For quantitative proof of the significance of emotional posterior modeling, we used a t-test to evaluate the average posteriors of each emotional state. The above-mentioned indicative changes were also observed in Table 3 with the mean posterior values of each emotion: The obtained p-values for sadness, boredom, and neutral state posteriors are highly significant for both pre vs. embarrassment comparisons and the post vs. embarrassment comparisons. At the same time, the p-values for pre vs. post comparisons for all emotional states are not significant. With that, it could be shown that pre- and post-states show indeed similar characteristics, which was already assumed in Table 2.

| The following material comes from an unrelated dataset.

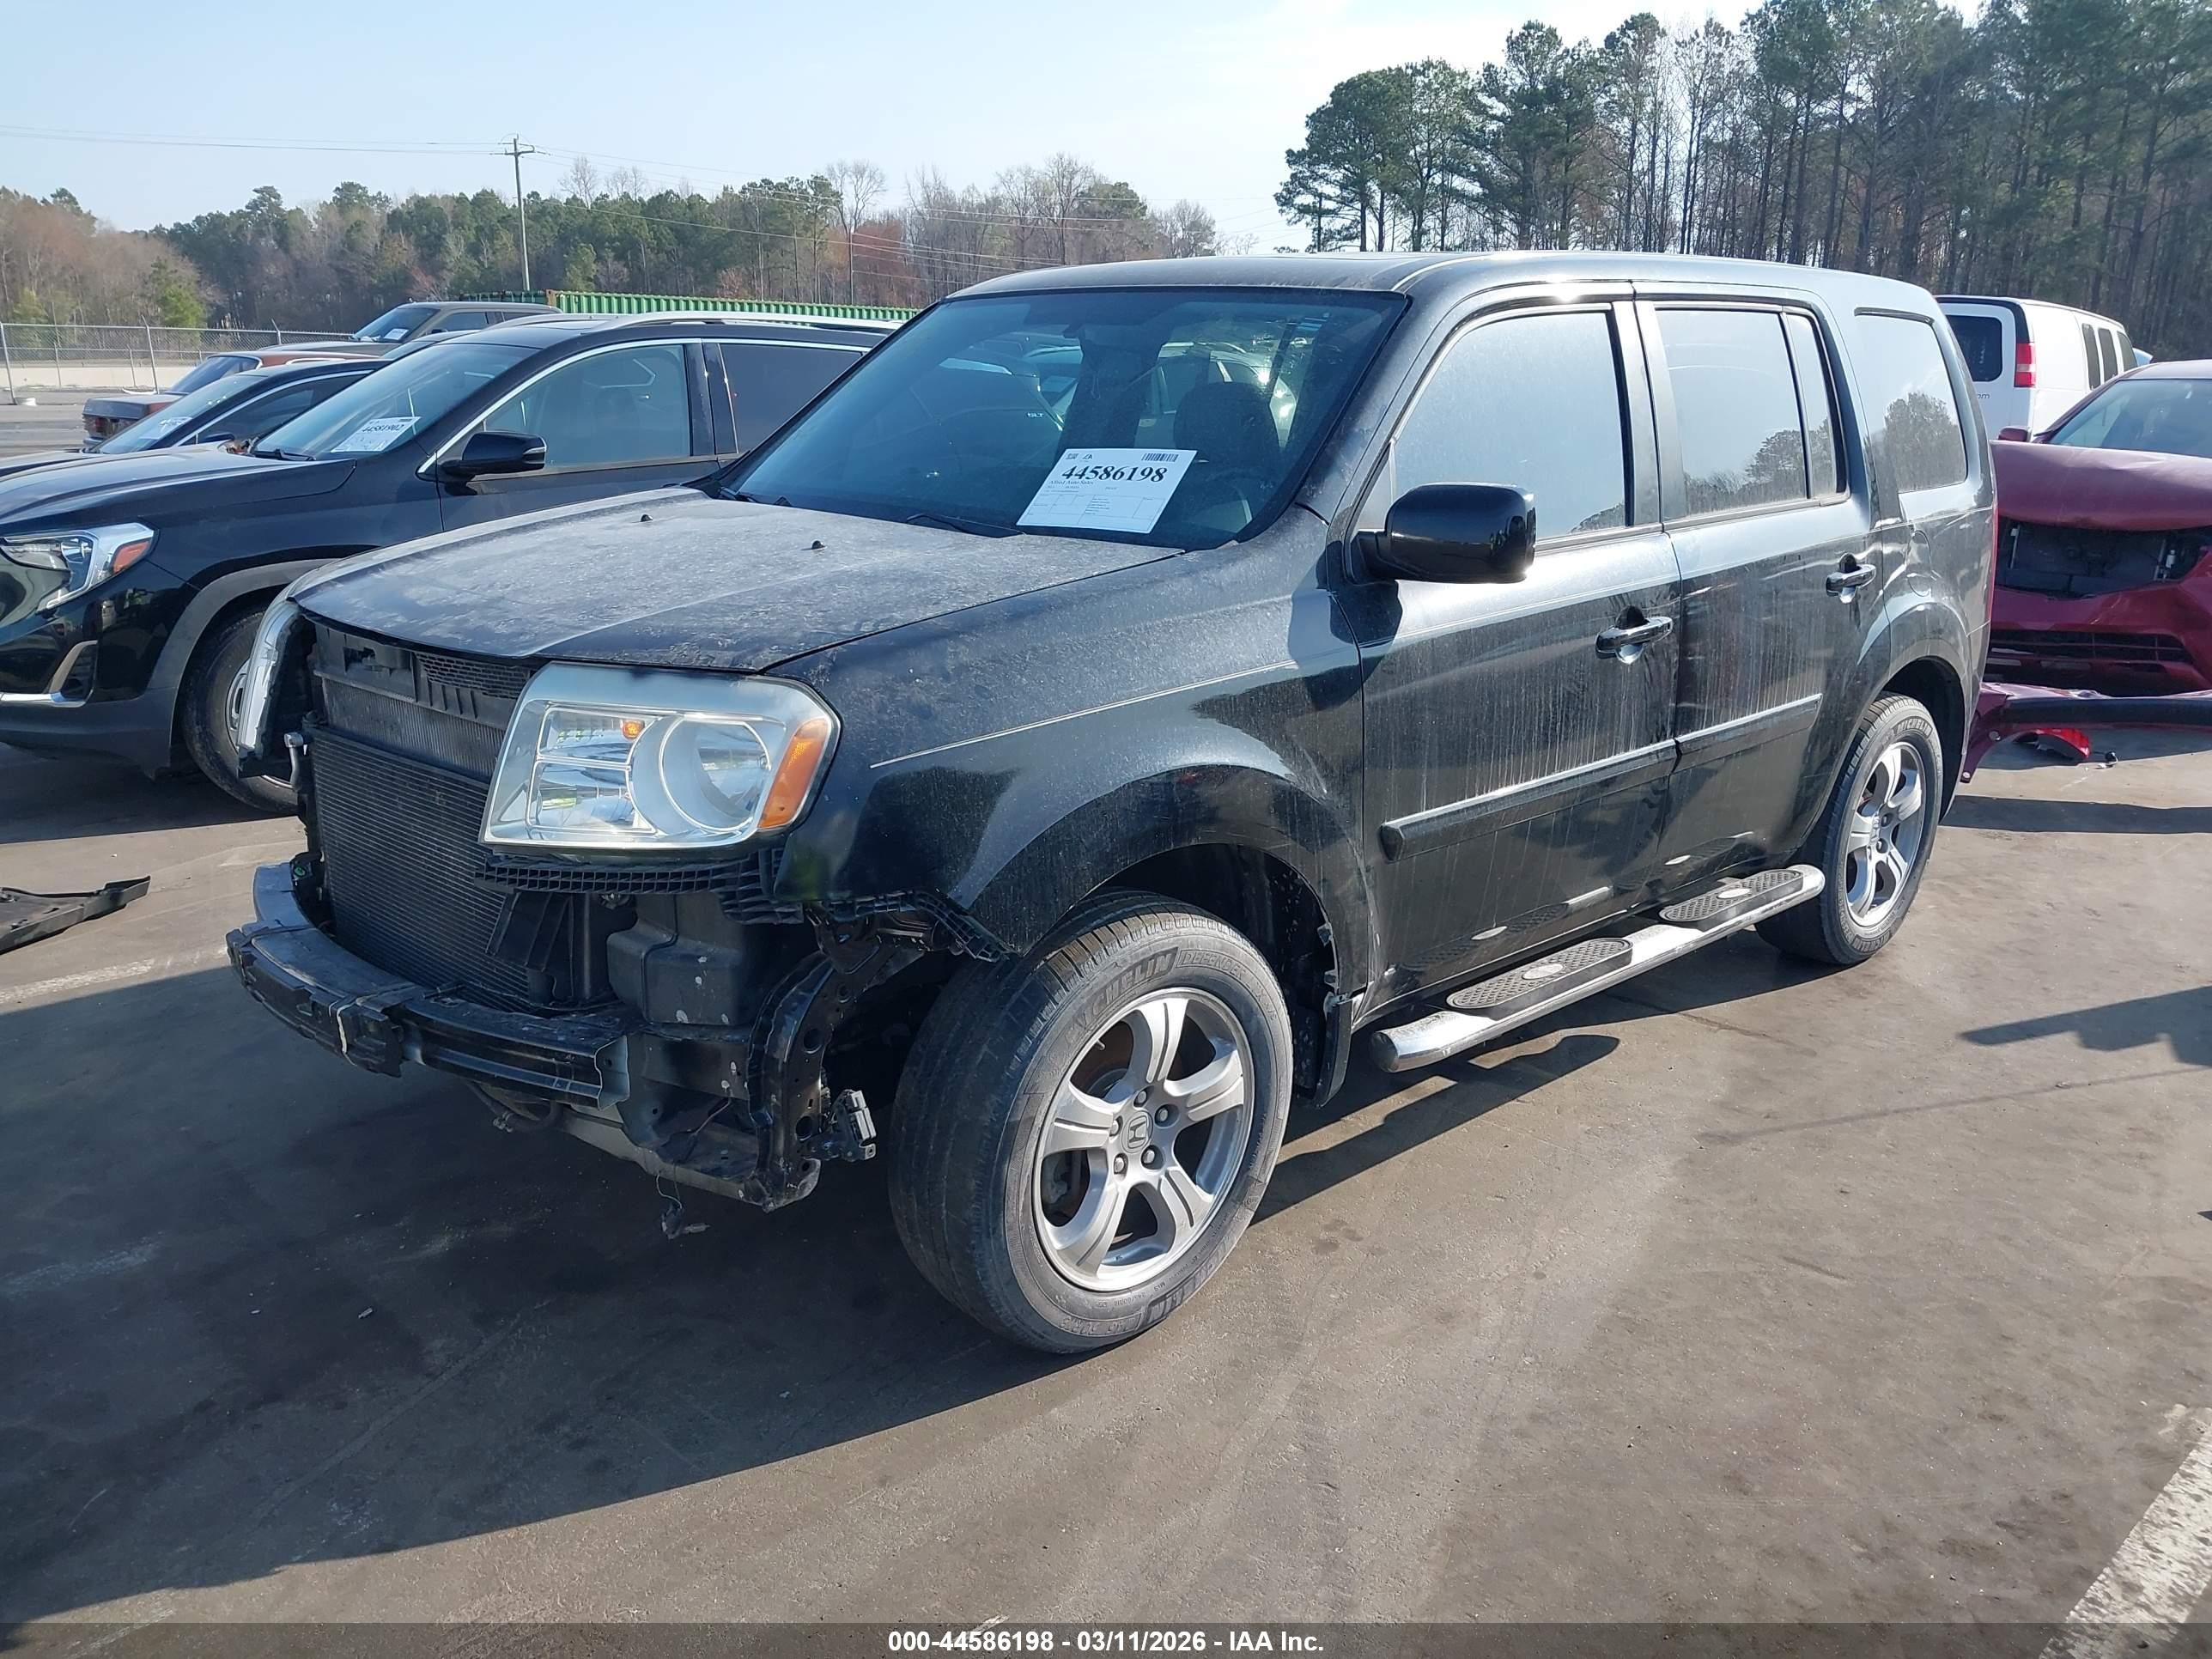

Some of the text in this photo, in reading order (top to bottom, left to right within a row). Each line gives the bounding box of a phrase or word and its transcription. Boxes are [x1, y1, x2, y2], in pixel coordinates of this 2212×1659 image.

[1061, 465, 1168, 483] 44586198
[1896, 718, 1933, 736] MICHELIN
[1063, 952, 1173, 1047] MICHELIN
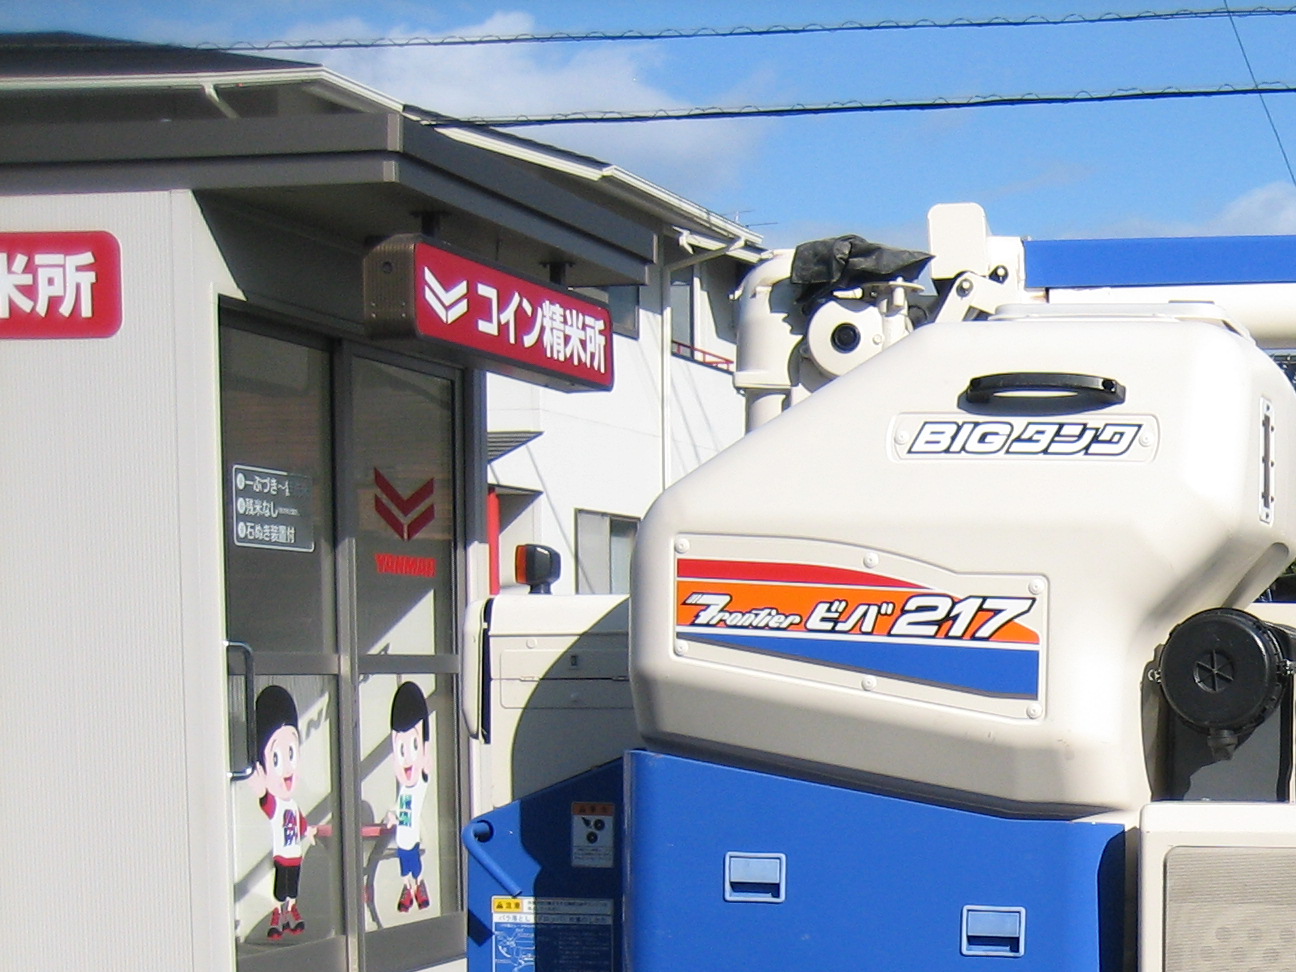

In conclusion, being embarrassed seems to shift the voice toward less sadness but more boredom and neutral state-related characteristics. But this shift is only temporary and disappears after a while (at post).
Supplementary Tables 3 and 4 shows the MI for categorical emotion classification on EMO-DB and the dimensional modeling. We used the complete emotion set presented in the EMO-DB database and binary classification mapping configurations: high/low and arousal/valence. Results in Supplementary Tables 3 and 4 show that the embarrassment phenomenon could cause changes in both emotional dimensions, such as arousal and valence. Hence, the highest shared MI in the emotion classification task with the 7 emotional classes experimental setup can be observed.
Discussion
This study aimed to systematically examine embarrassment categorically and dimensionally with an interdisciplinary self-report and machine-learning approach.
In the first step, the induction was tested with subjective self-reported measures (i.e., SPS-6, SIAS-6, VAS), and it was shown that participants became significantly more embarrassed after reading the story aloud than only writing it and that the embarrassment induction was successful. This was particularly the case for people who reported higher SA symptoms before the experiment.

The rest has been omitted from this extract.